**Prompt:**
Each record below should be returned exactly, with its pictures left out.

(Saved data entries)
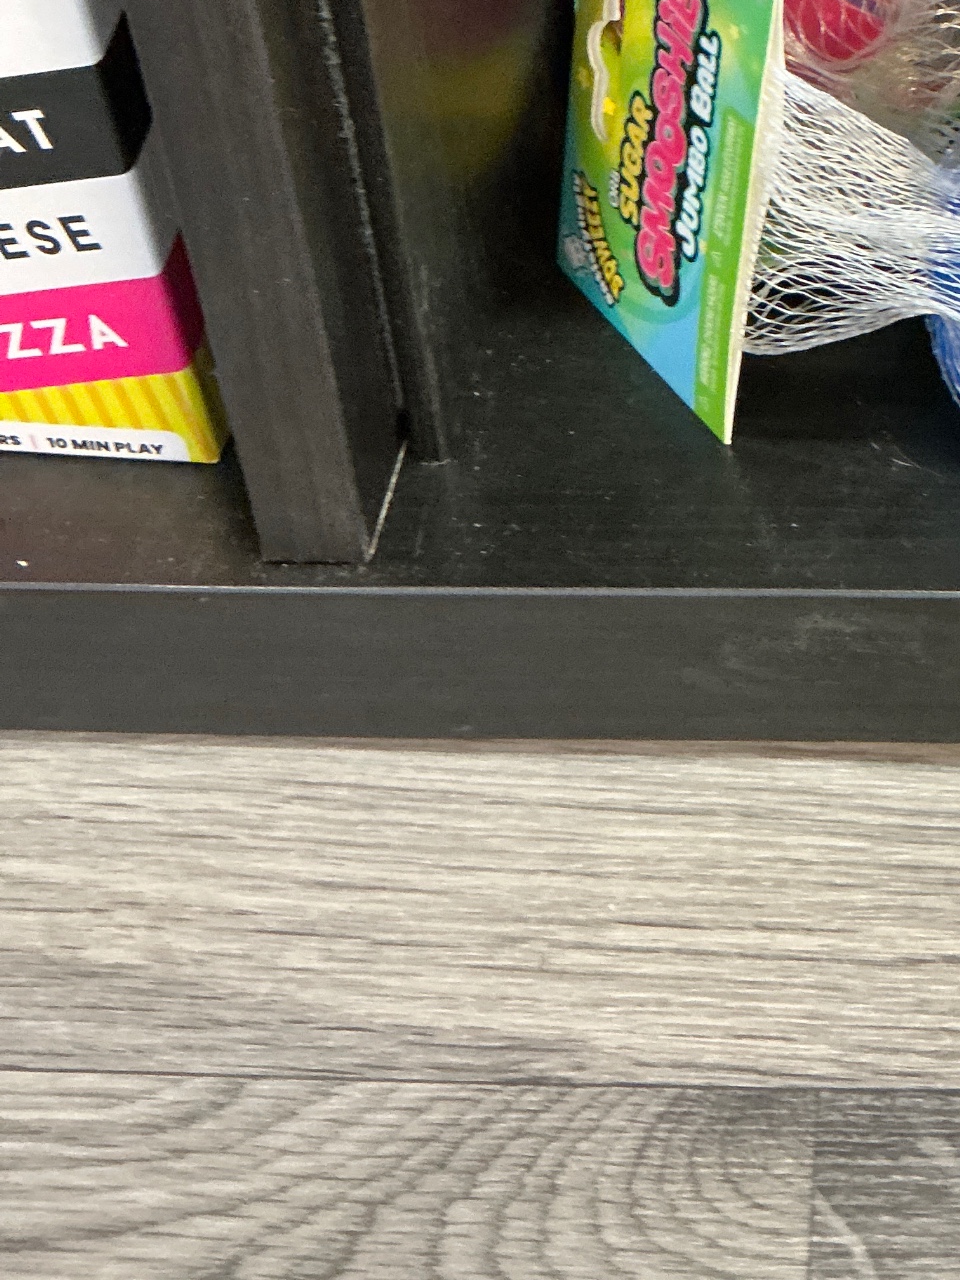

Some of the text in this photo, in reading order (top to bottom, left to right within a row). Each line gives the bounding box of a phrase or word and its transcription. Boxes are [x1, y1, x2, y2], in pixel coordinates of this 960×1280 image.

[620, 94, 654, 226] SUGAR
[675, 33, 720, 259] JUMBO BALL
[46, 436, 68, 449] 10
[72, 438, 111, 453] MIN
[113, 441, 163, 456] PLAY
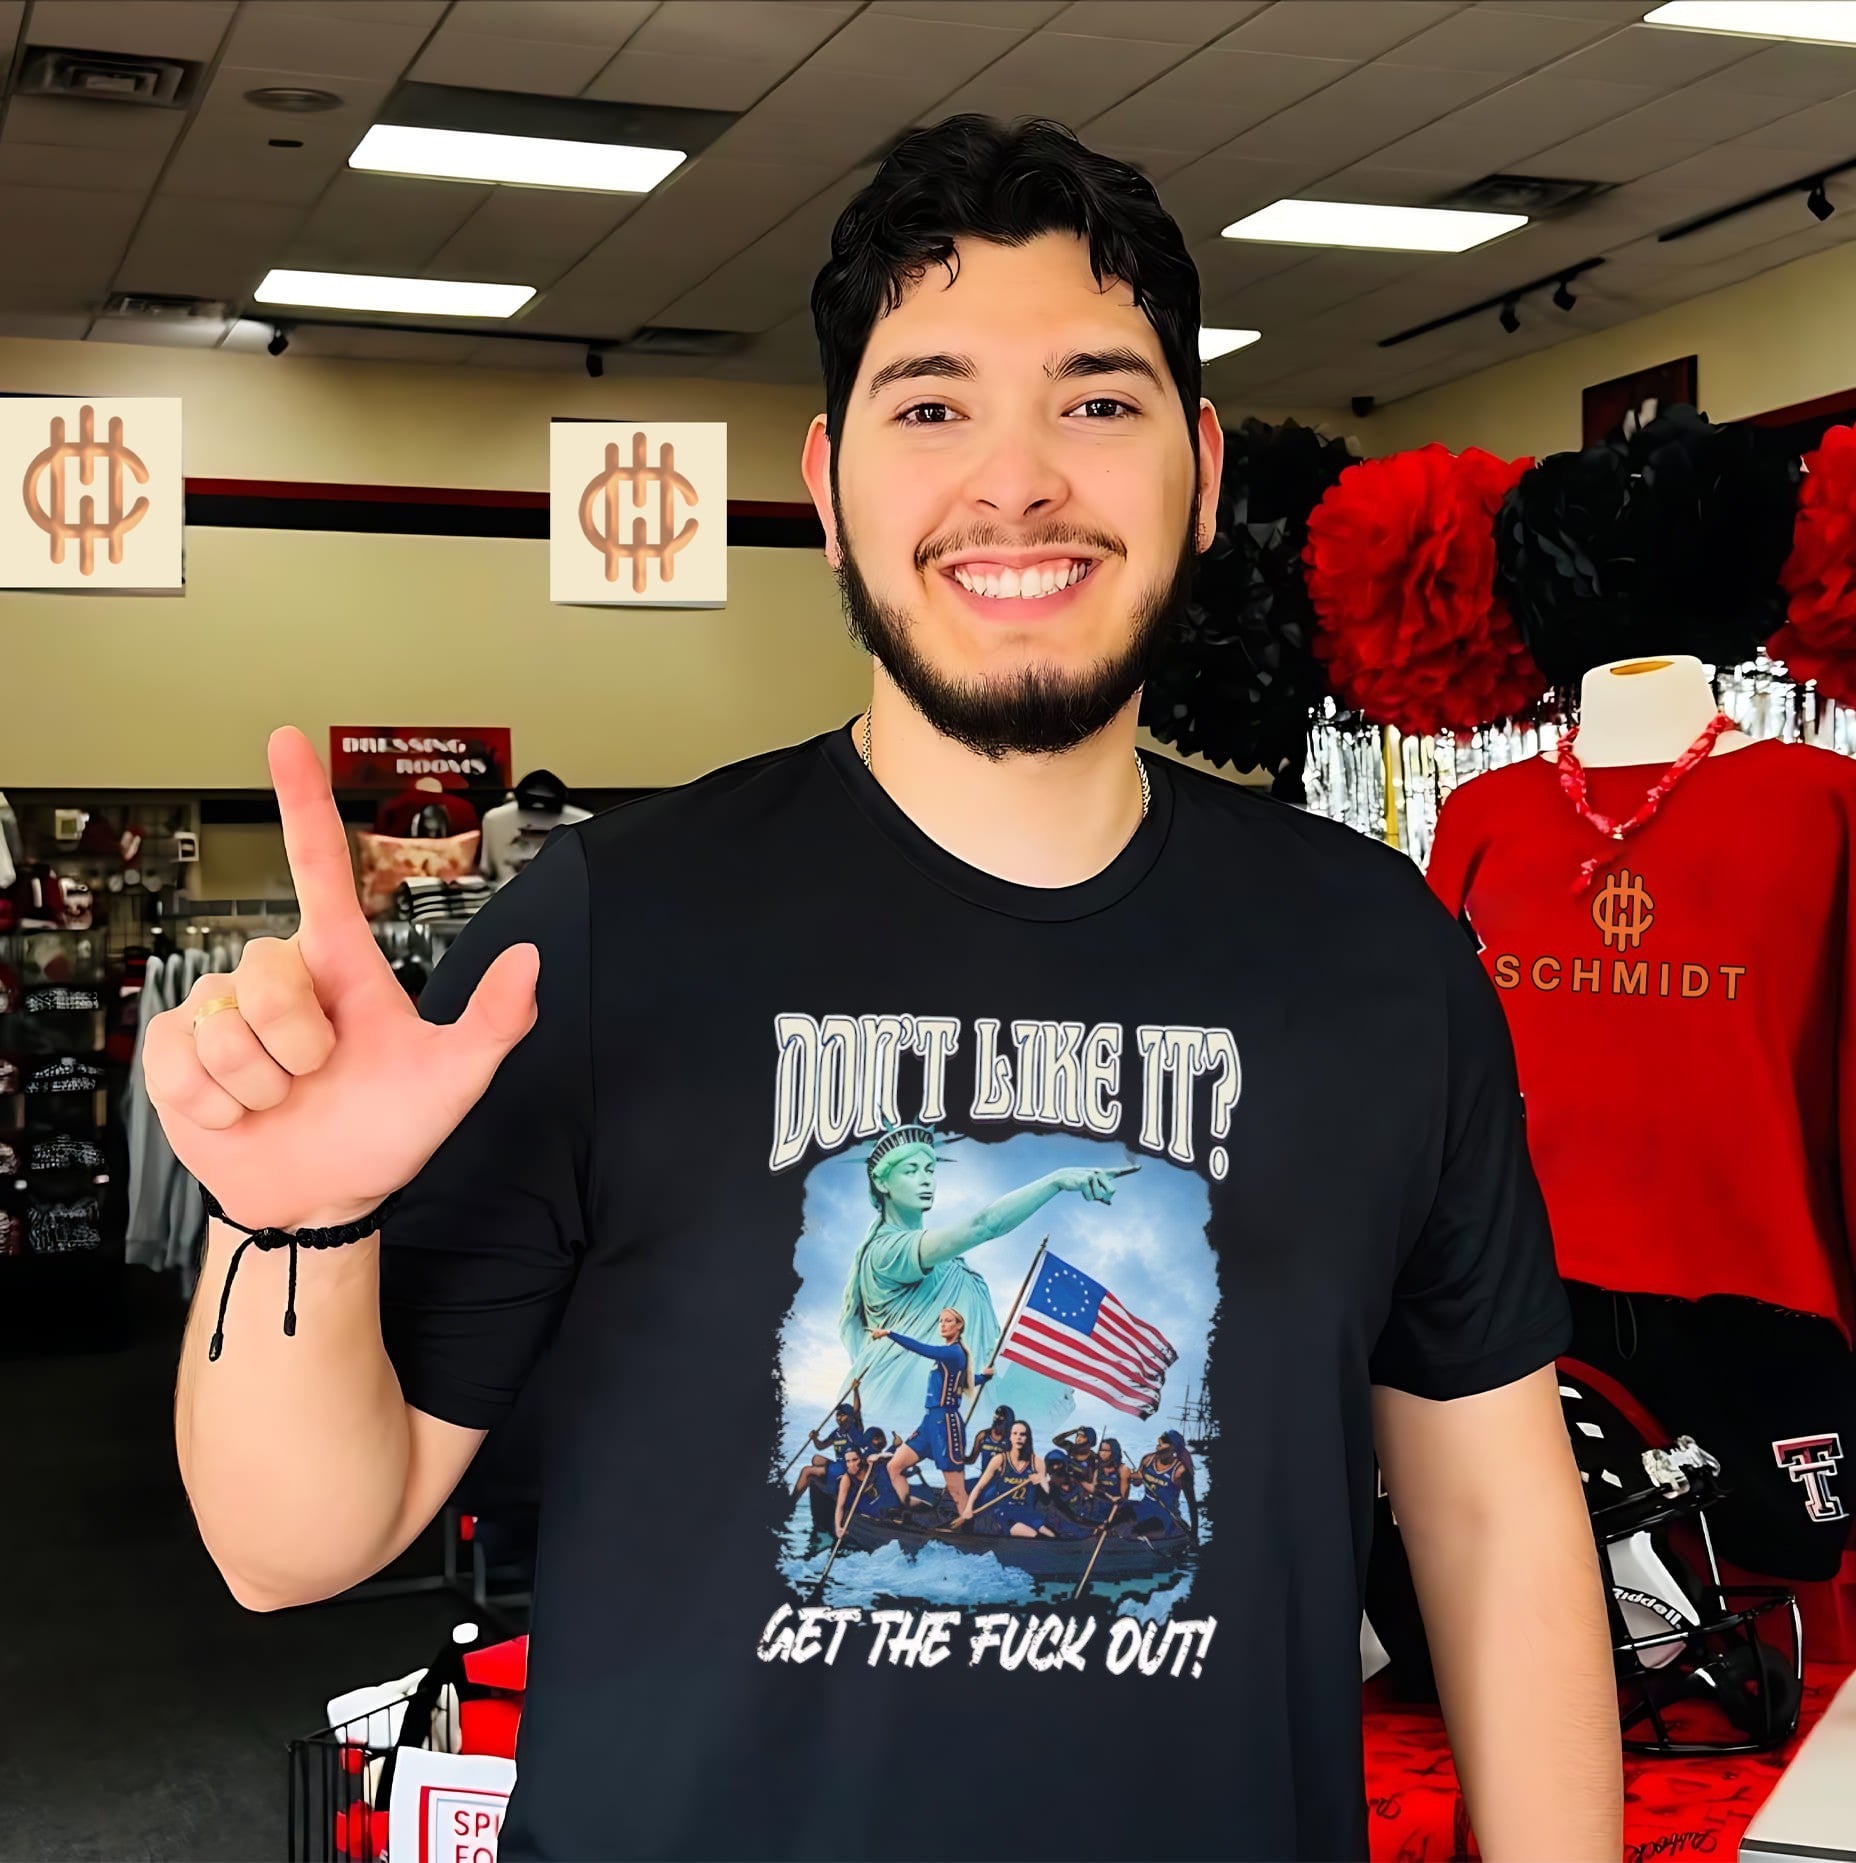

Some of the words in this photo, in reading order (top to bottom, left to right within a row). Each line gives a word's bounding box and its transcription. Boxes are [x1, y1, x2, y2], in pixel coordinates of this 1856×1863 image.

**Written answer:**
Some of the text in this photo, in reading order (top to bottom, left to right within a row). Each line gives the bounding box of a phrase or word and its transcription. Boxes are [x1, y1, x2, y2], in pixel coordinates of this 960×1280 image.

[620, 94, 654, 226] SUGAR
[675, 33, 720, 259] JUMBO BALL
[46, 436, 68, 449] 10
[72, 438, 111, 453] MIN
[113, 441, 163, 456] PLAY

Some of the words in this photo, in reading order (top to bottom, left to right within a row). Each line gives a word's bounding box and its transcription. Boxes are [x1, y1, x2, y2], in pixel coordinates of this 1856×1863 image.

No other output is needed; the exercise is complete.